The presence of 5-OH and 7-OH functions, together with carbonyl group may be involved in I3-O-Rob antioxidant potenty as it has been advanced by Edenharder and Grünhage , who reported that the hydroxylation of C5 and C7, together with carbonyl group in C4 meets the criteria of potent radical scavenger.
The antioxidant potenty of I3-O-Rob can also be related to the presence of the OH group at C4 of ring B of the tested flavonoid. This hypothesis is supported by the studies of Mathiesen et al.  that showed that C4 hydroxylated angolétine are more antioxidant than C4 O-methylated myrigalone.
Likewise, we believe that the presence of sugar moiety participates in antioxidant activity of I3-O-Rob. This observation is in accordance with the results reported by Hayder et al.  stipulating that glycosylated myricetin improves the antioxidant capacity of the corresponding aglycone.
EA extract exhibited a lower antioxidant capacity compared to its major constituent, I3-O-Rob. This could be explained by the presence, in the extract, of compounds with antagonistic effects and also that I3- O-Rob was diluted in the original EA extract.

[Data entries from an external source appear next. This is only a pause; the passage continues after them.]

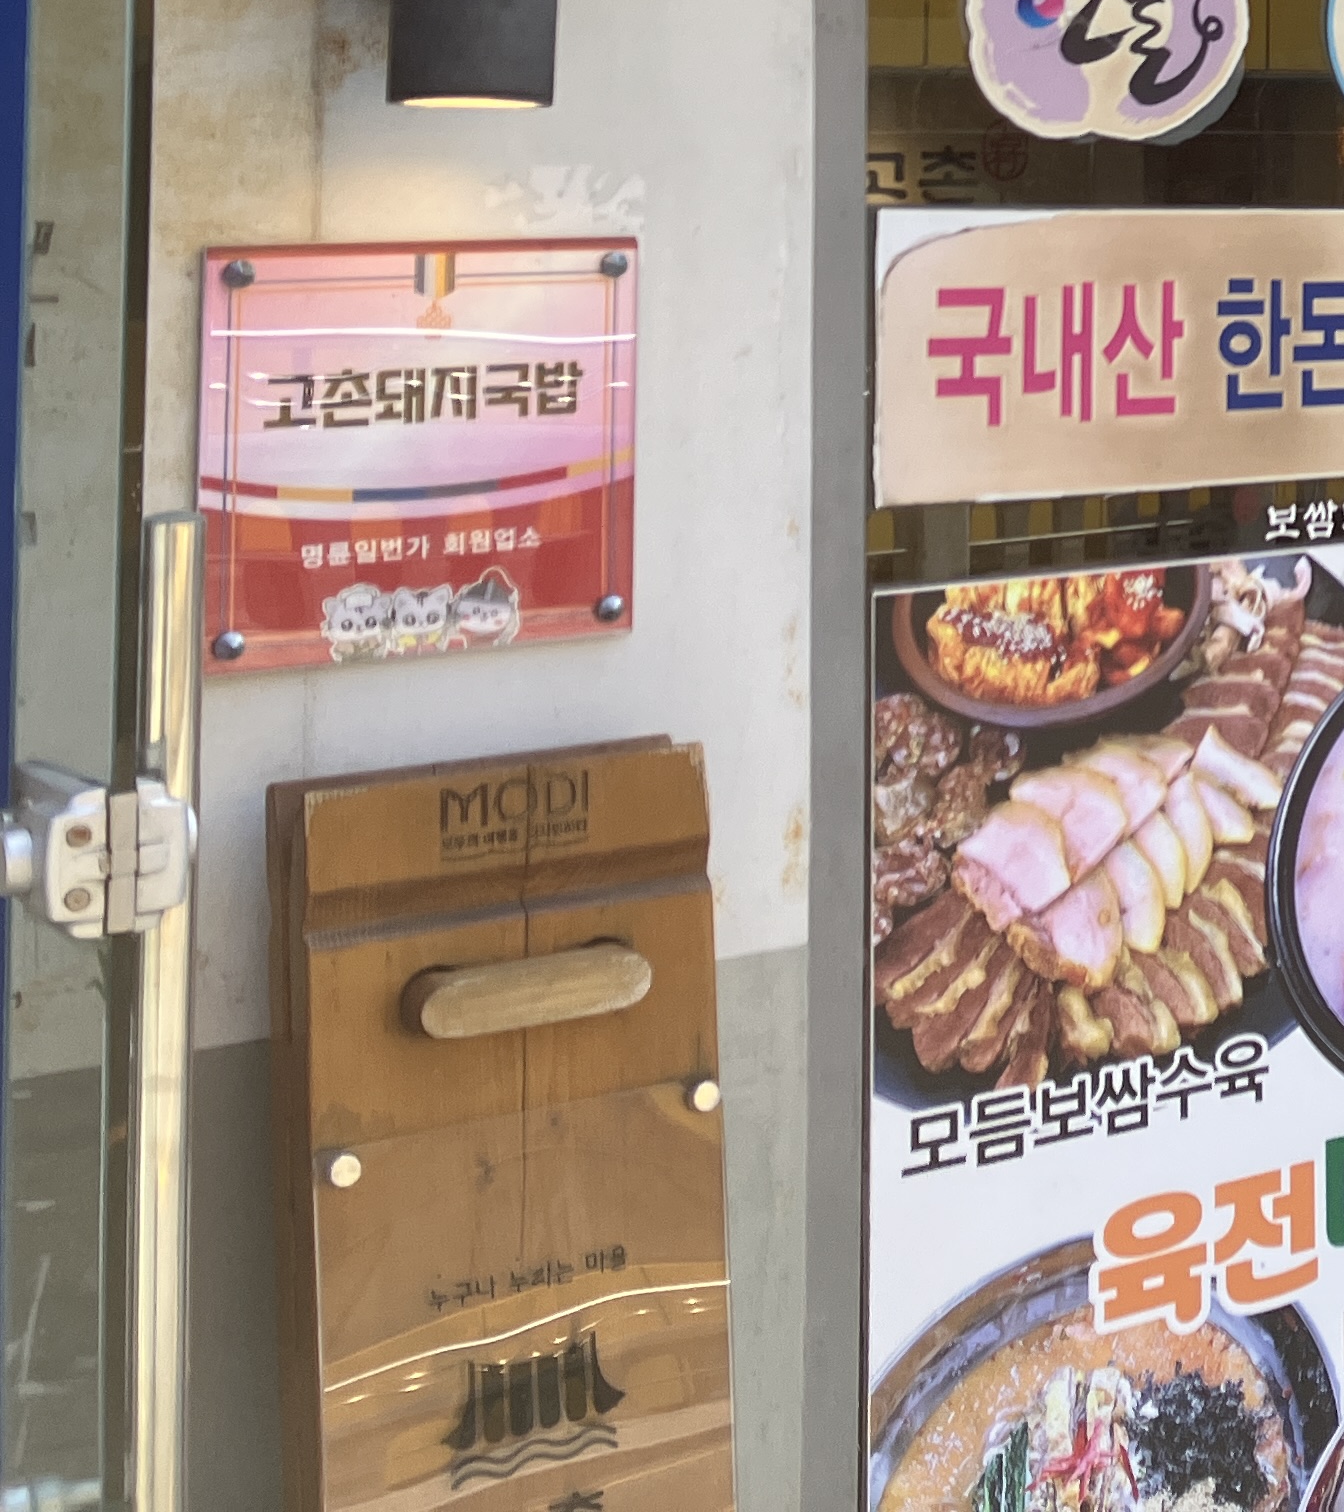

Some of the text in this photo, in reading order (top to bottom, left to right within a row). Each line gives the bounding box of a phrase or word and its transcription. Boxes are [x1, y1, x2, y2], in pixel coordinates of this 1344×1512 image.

[927, 279, 1185, 427] 국내산
[263, 359, 583, 431] 고촌돼지국밥
[443, 525, 543, 557] 회원업소
[440, 769, 589, 833] MODI
[901, 1038, 1270, 1179] 모듬보쌈수육

Obviously, flavonoid antioxidant capacity is also linked to another structural element, which is the presence of methoxyl group on the ring B of I3-O-Rob that could participate in the antioxidant potential of this molecule. Kawaii et al.  reported that many flavonoids with methoxyl substitutions are considered potent anticancer flavonoids.
When treated with H2O2, the predominant lesion in cell DNA is the strand breaks and base oxidation. Such damages can increase the risk of cancer development . The protective action of the tested compounds can be explained by their ability to penetrate through the cell membrane and to interrupt the radical chain induced by H2O2, thus, allowing the prevention or reduction of free radical formation, which are responsible for cellular macromolecules damage.

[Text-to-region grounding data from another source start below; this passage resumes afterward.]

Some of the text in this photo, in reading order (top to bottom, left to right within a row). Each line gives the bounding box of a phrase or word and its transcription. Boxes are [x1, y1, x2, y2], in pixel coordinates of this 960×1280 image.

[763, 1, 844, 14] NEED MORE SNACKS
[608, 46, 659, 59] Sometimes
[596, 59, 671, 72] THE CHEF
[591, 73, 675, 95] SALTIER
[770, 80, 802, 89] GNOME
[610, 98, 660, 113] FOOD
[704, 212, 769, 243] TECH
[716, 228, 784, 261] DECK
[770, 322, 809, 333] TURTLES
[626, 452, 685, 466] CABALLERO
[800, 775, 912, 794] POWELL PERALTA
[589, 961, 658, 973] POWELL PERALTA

Many studies reported the capacity of natural antioxidants in influencing disease progression. This property is closely related to their ability to reduce DNA damage, mutagenesis, carcinogenesis and inhibition of pathogenic bacterial growth .
Indeed, flavonoids have been shown to be effective scavengers of reactive oxygen species (ROS), and it has been suggested that flavonoid anticancer activities greatly depend on their antioxidant and chelating properties [32, 33].
We deduce that the antigenotoxic activity can be ascribed not only to the antioxidant effect of these molecules but also to other additional mechanisms like DNA repair enzyme induction as it was evidenced by Hayder et al.  who reported that, compared to myricetin alone, the antioxidant enzymes and DNA repair enzyme expression, are modulated in the presence of glycosylated myricetin, using a microarray system. In fact, Kooststra  demonstrated that flavonoids should neutralize the free radicals that promote mutations, when generated near DNA. Flavonoids can also protect the DNA by directly interacting with the mutagen agents, as in the induced chromosomal aberration by bleomycin alluded by Heo et al. . Nevertheless, the inhibition of mutagenesis is often complex, acting through multiple mechanisms. Edenharder et al.  demonstrated a dual role of flavonoids as far as they do not only inhibit membrane-bound cytochrome P-450-dependent monooxygenases, but also inhibit various soluble enzymatic factors, suggesting interactions with biological membranes and effects on expression and fixation of DNA damages.